S’il fallait résumer l’idée du projet en une phrase, ce qui est une opération des plus périlleuses, celle-ci serait fort probablement :
« L’entreprise est une famille, la famille est une entreprise. »


Pourquoi donc entremêler ces deux entités -apparemment- si éloignées ?


Parce que la microcellule familiale est le lieu de terribles compétitions et de guerres, infiniment larvées et dévastatrices. Et que certains de ses membres ne convenant pas aux normes familiales, tacites et insidieuses, doivent s’adapter ou s’effacer. Avec ou sans fracas, avec ou sans déchirures profondes comme des mémoires.
Et que ces « dégraissages » sont monnaie courante dans nombre de familles et ont une furieuse gueule de libéralisme affectif.


Parce que l’entreprise « moderne », pour assurer sa survie et augmenter ses profits, a adapté ses méthodes de gestion interne en un fonctionnement au visage familial au moyen de séminaires, de formations ludiques, d’autoévaluations « constructives » (et de tout un charabia psychosociologique que l’on a regroupé sous le ténébreux terme de « culture d’entreprise » et qui est aussi terrible que captivant.)


Parce que de nos jours, les deux deviennent indubitablement liés, certainement d’une autre manière que lors des entreprises familiales du siècle dernier, et que l’étude de leurs rouages et mécanismes réciproques permet d’approcher la modernité d’une manière qui m’apparaît comme théâtralement et sociologiquement forte et riche.

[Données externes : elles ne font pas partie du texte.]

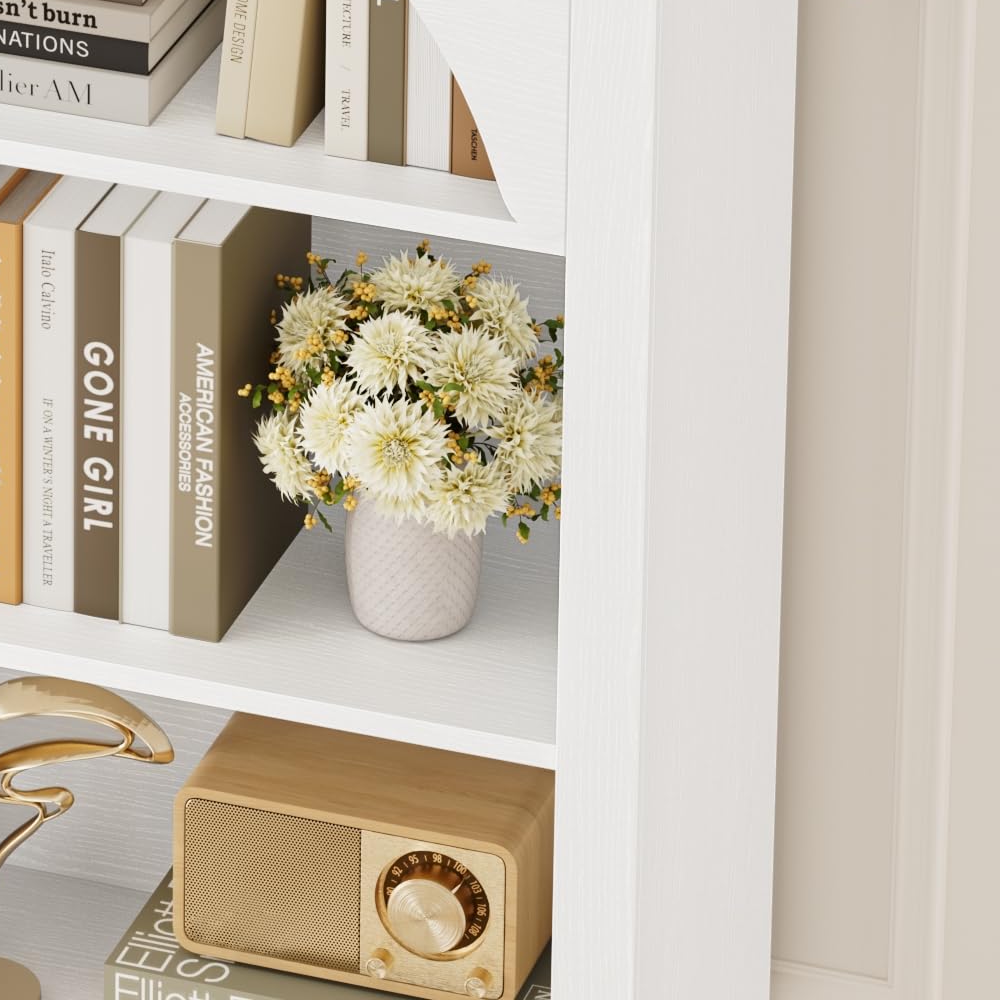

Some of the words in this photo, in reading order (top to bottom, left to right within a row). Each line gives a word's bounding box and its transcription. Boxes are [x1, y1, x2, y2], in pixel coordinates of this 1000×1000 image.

[42, 2, 98, 29] burn
[230, 21, 246, 64] DESIGN
[43, 78, 93, 106] AM
[341, 88, 352, 129] TRAVEL
[40, 249, 57, 279] Italo
[39, 281, 57, 331] Calvino
[83, 341, 114, 444] GONE
[195, 342, 215, 454] AMERICAN
[178, 392, 191, 492] ACCESSORIES
[42, 486, 53, 520] NIGHT
[83, 456, 114, 531] GIRL
[194, 458, 214, 548] FASHION
[42, 529, 53, 587] TRAVELLER
[391, 867, 403, 877] 92
[408, 854, 420, 865] 95
[432, 853, 443, 864] 98
[452, 861, 467, 875] 100
[470, 880, 482, 894] 103
[476, 903, 487, 917] 106
[468, 922, 482, 937] 108

Et qui mérite amplement d’être travaillée sur un plateau de théâtre.


À défaut de pouvoir a priori définir par le menu ce que ce spectacle sera, ce qui serait ambitieux et malhonnête à cette étape-ci du travail, il est néanmoins fort évident de préciser ce que ce travail ne sera certainement pas… À savoir une mise en en scène Brechtienne où les comédiens, le poing levé à l’avant-scène, fustigent en braillant les conditions de travail de la Corée du Sud (et brûlent des Nike ou des Adidas en signe de protestation) ou un cours accéléré de « coaching » et de culture d’entreprise avec un vocabulaire sciemment incompréhensible pour se gausser des gens « qui ont perdu contact avec la vraie vie » ou encore un pamphlet gauchisant, manichéen, anti-économique et antilibéral. Que nenni.


Ce qui existera sur le plateau : Une réflexion théâtrale sur la famille comme lieu de luttes intestines, conflits de pouvoir, espace de violence et de pugilats silencieux et conjointement sur l’organisation, les structures, applications et dérives du travail dans la société occidentale européenne.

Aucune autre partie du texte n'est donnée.